EXERCISE GOAL:
Your job is to copy every record exactly.

RECORDS SUPPLIED:
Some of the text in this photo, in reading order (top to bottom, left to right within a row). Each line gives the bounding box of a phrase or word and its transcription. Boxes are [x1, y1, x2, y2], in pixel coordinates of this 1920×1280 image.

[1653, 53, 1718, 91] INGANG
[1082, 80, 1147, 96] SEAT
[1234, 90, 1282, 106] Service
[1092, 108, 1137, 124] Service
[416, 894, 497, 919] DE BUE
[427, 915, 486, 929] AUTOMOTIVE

OUTPUT OF THE TASK:
Some of the text in this photo, in reading order (top to bottom, left to right within a row). Each line gives the bounding box of a phrase or word and its transcription. Boxes are [x1, y1, x2, y2], in pixel coordinates of this 1920×1280 image.

[1653, 53, 1718, 91] INGANG
[1082, 80, 1147, 96] SEAT
[1234, 90, 1282, 106] Service
[1092, 108, 1137, 124] Service
[416, 894, 497, 919] DE BUE
[427, 915, 486, 929] AUTOMOTIVE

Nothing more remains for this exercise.